## Exercise
Omit all pictures, and print word for word only the lines from the one containing "this 2352×1568 image." through the end of the data.

## Material provided
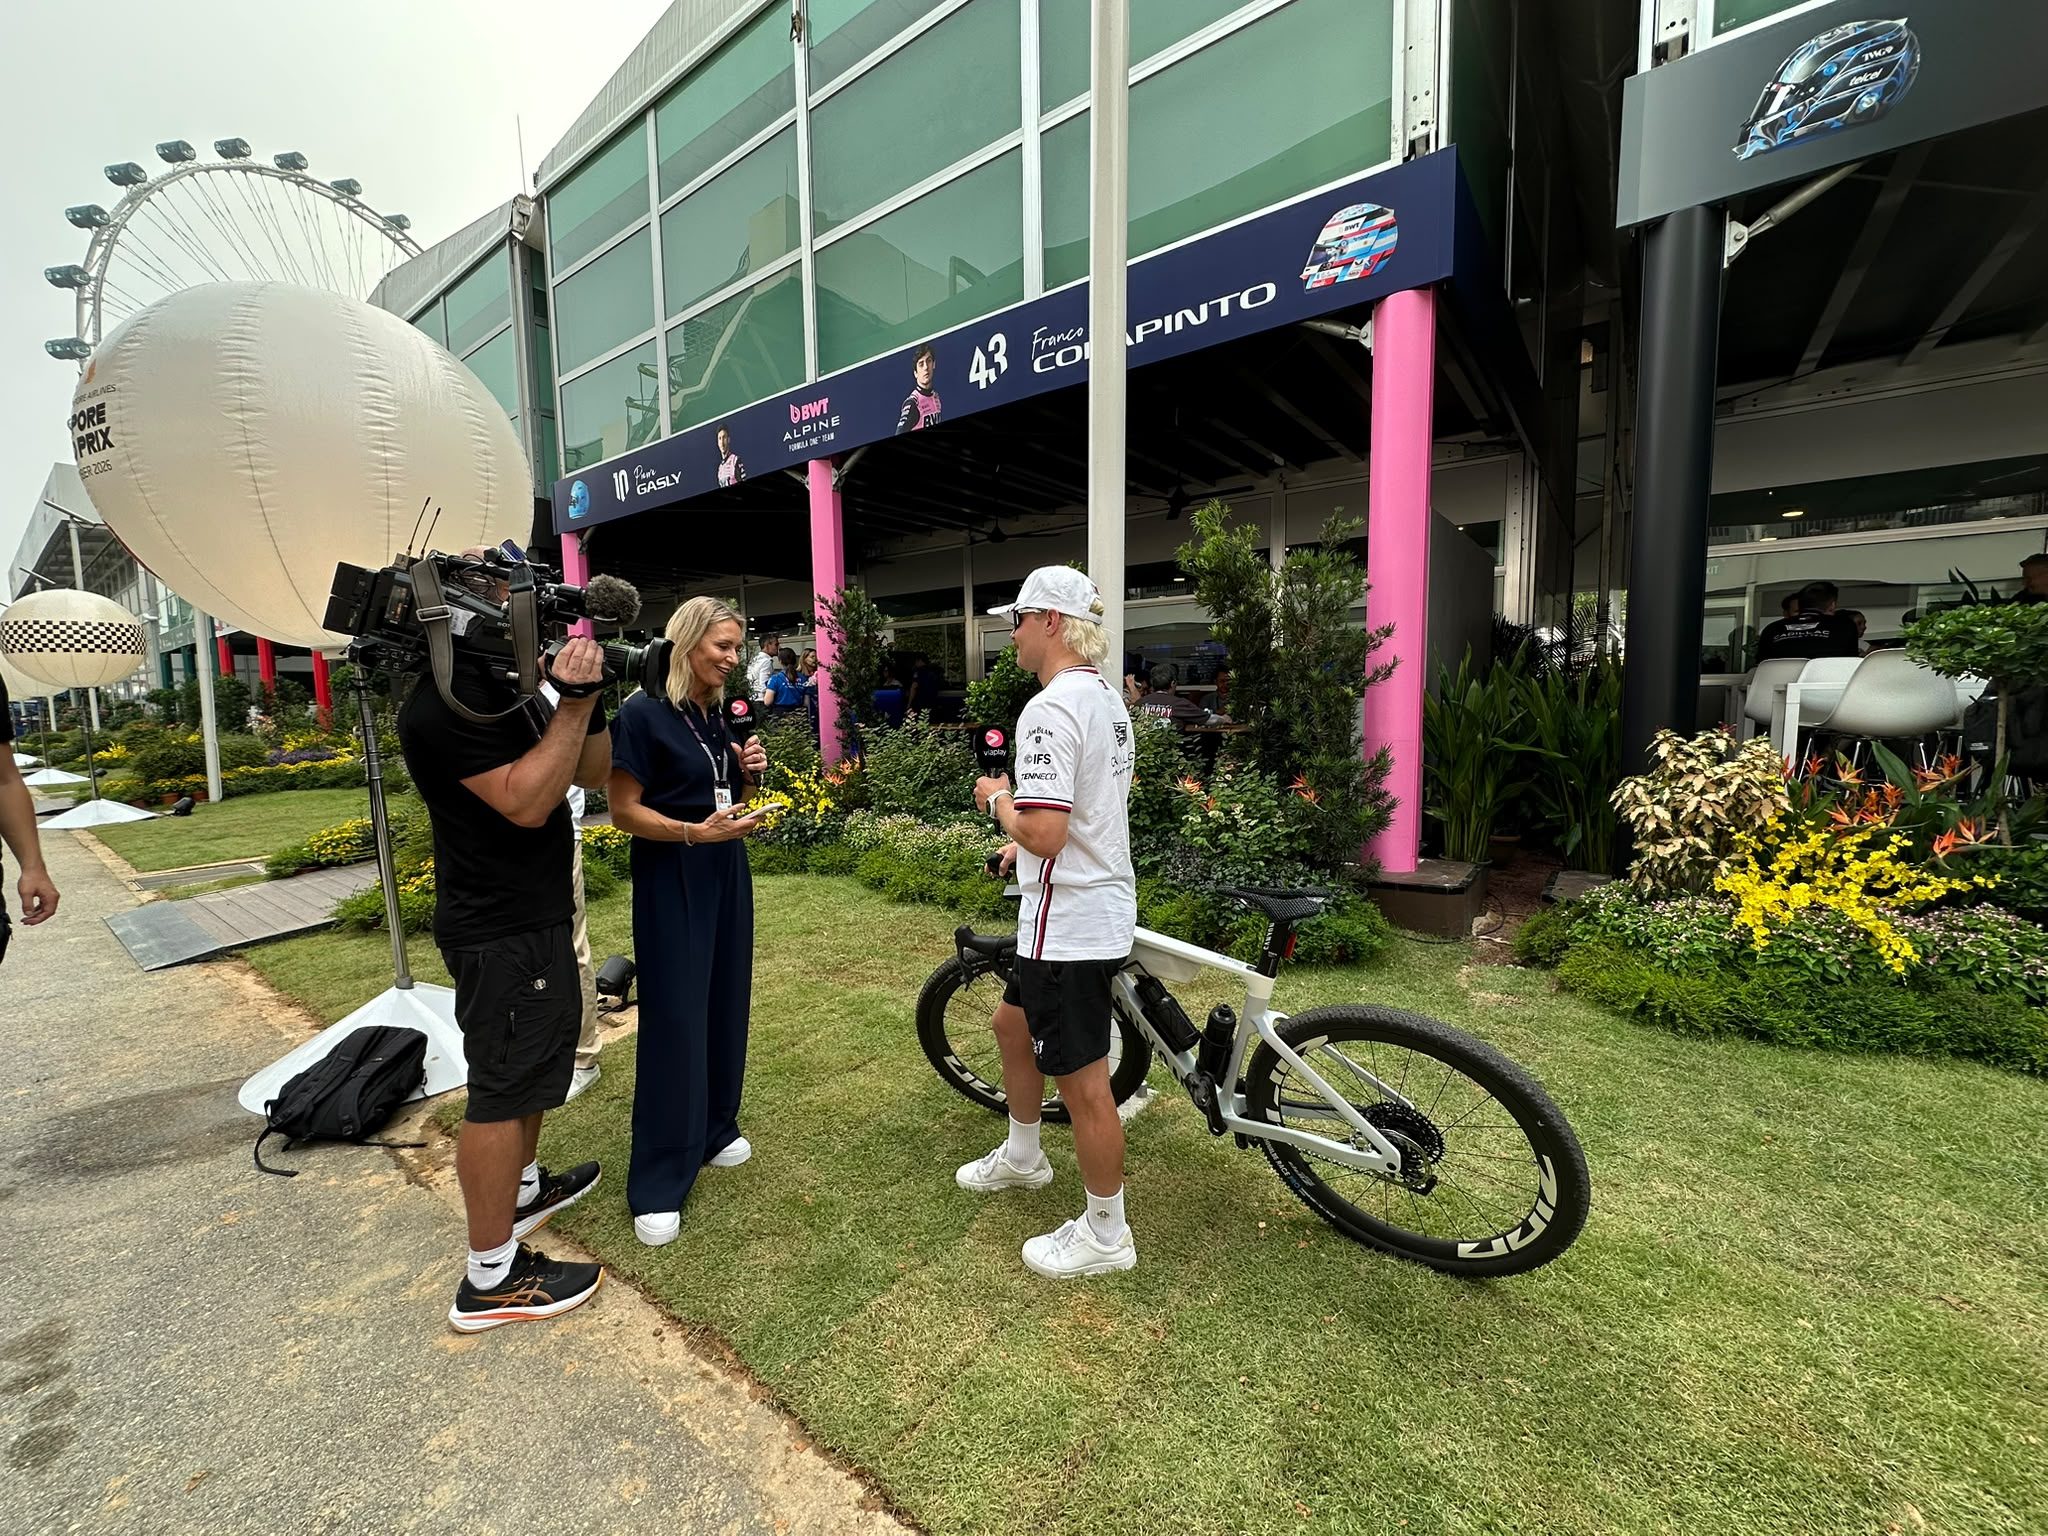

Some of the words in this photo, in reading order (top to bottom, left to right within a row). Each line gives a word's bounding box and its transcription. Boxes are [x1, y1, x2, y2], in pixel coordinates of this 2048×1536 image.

[1849, 68, 1883, 86] telcel
[1033, 282, 1277, 374] COPINTO
[1031, 326, 1084, 360] Franco
[968, 333, 1008, 390] 43
[801, 398, 829, 421] BWT
[782, 415, 840, 442] ALPINE
[77, 426, 116, 458] PRIX
[788, 440, 808, 452] FORMULA
[822, 432, 835, 442] TEAM
[92, 459, 112, 474] 2026
[612, 469, 630, 502] 10
[636, 471, 682, 496] GASLY
[731, 716, 753, 724] viaplay
[1033, 754, 1051, 765] IFS
[1021, 772, 1057, 781] TENNECO
[1263, 922, 1275, 950] CANYON
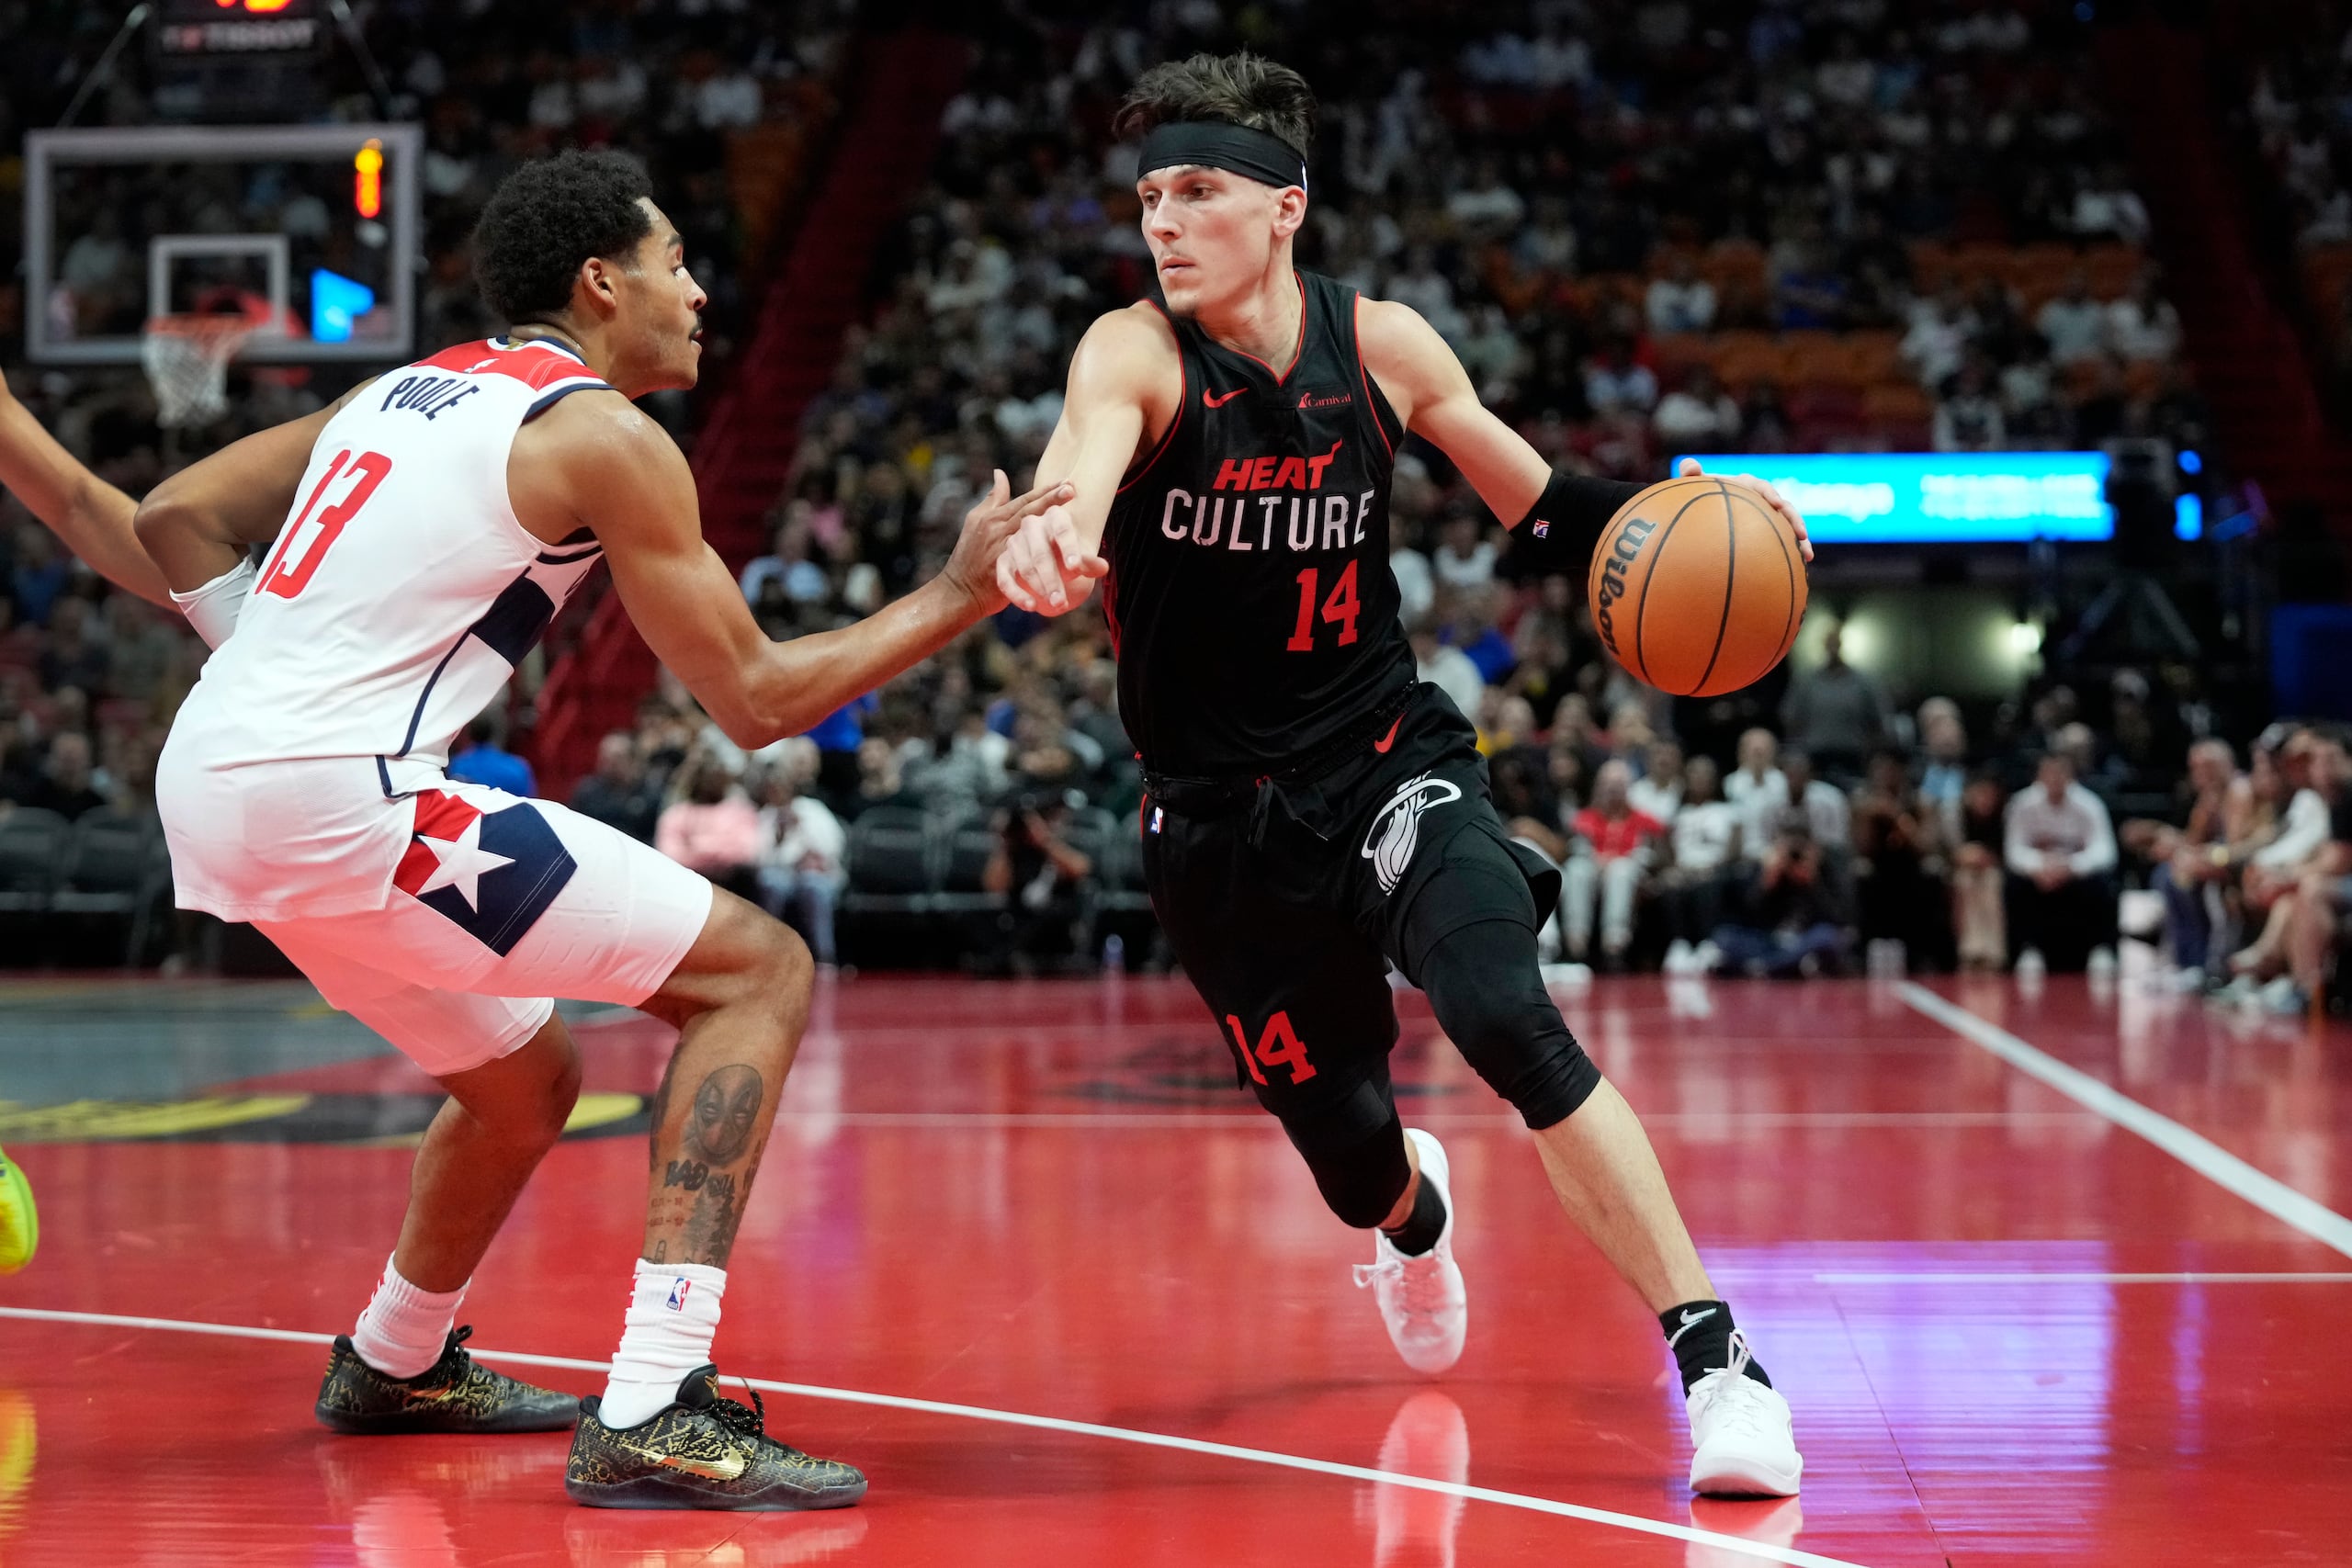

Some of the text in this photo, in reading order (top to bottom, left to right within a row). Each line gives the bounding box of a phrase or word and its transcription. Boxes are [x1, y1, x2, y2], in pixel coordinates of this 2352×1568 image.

[379, 376, 481, 422] POOLE
[1306, 392, 1351, 407] Carnival
[1212, 437, 1343, 491] HEAT
[254, 448, 393, 599] 13
[1160, 488, 1375, 552] CULTURE
[1285, 558, 1361, 651] 14
[1598, 516, 1657, 656] Wilson
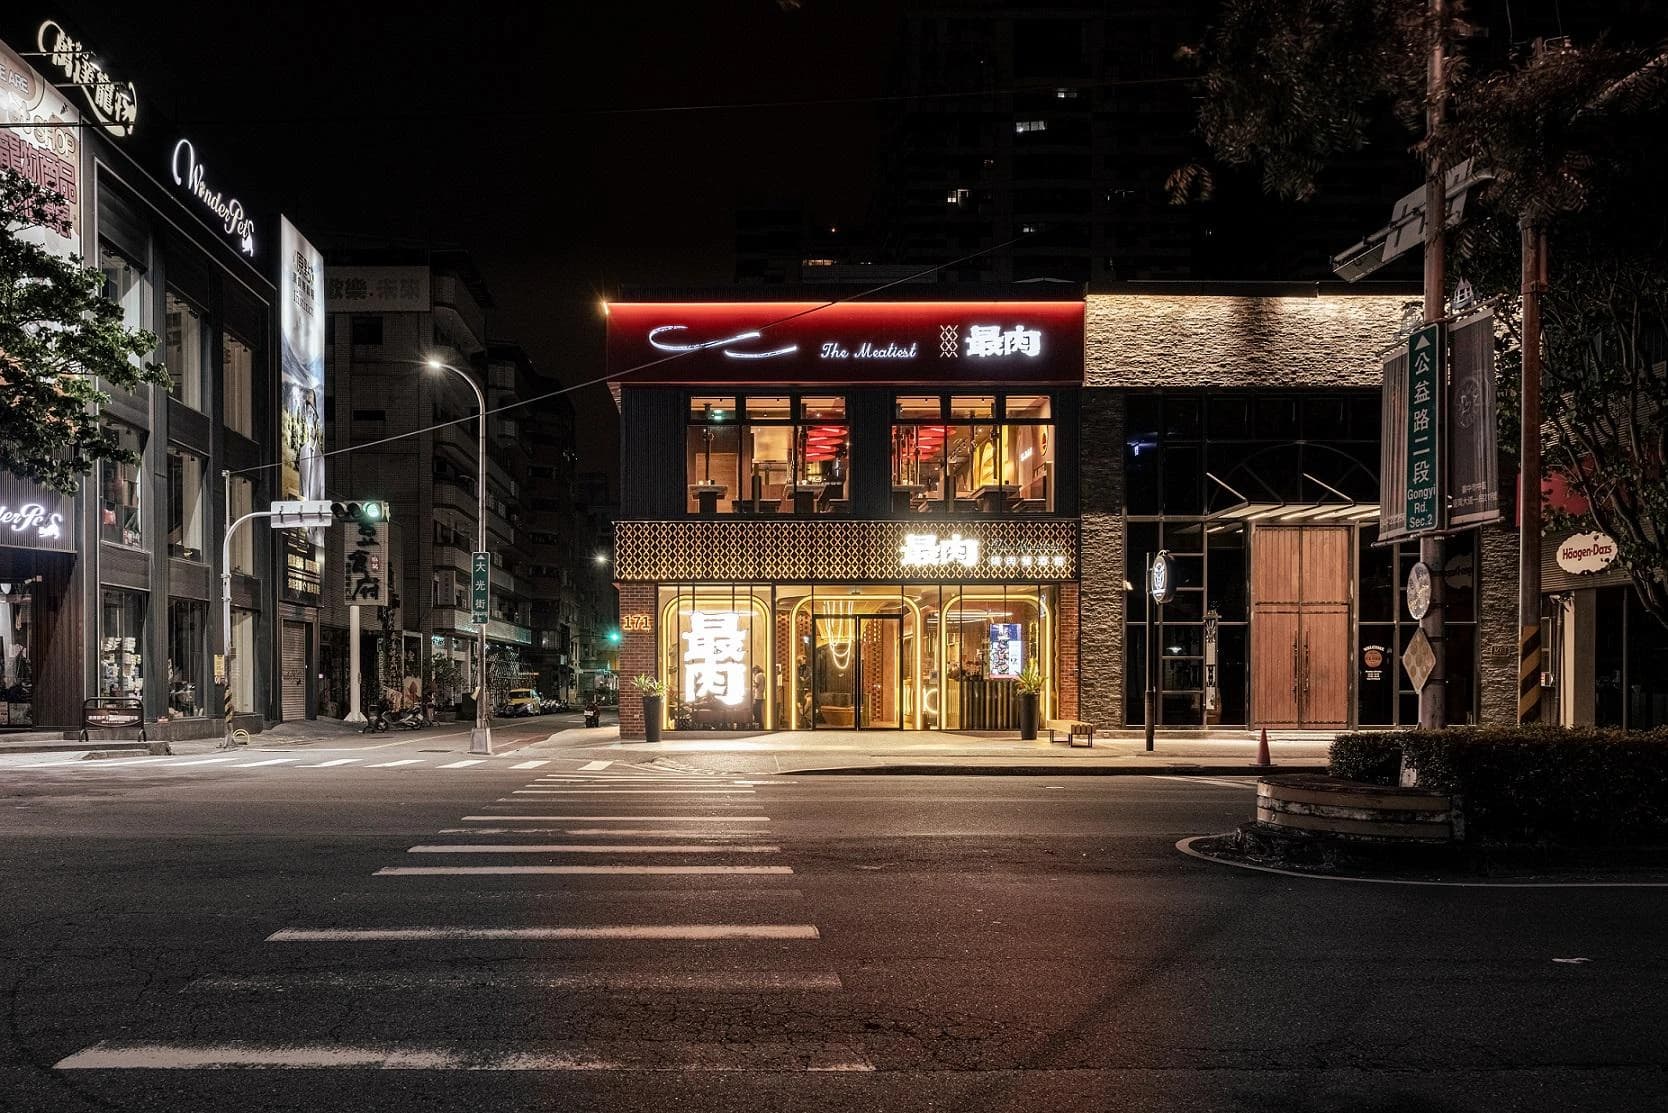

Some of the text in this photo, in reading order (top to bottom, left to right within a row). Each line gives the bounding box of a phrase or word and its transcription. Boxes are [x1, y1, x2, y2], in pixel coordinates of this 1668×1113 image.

## Reply to the exercise
Some of the text in this photo, in reading order (top to bottom, left to right within a row). Each line gives the bounding box of a phrase or word and its transcription. Boxes are [x1, y1, x2, y2], in pixel coordinates of this 2352×1568 image.

[379, 376, 481, 422] POOLE
[1306, 392, 1351, 407] Carnival
[1212, 437, 1343, 491] HEAT
[254, 448, 393, 599] 13
[1160, 488, 1375, 552] CULTURE
[1285, 558, 1361, 651] 14
[1598, 516, 1657, 656] Wilson

Some of the text in this photo, in reading order (top to bottom, left to right within a row). Each line gives the bounding box of a phrase or word and its transcription. Boxes are [x1, y1, x2, y2], in pixel coordinates of this 1668×1113 image.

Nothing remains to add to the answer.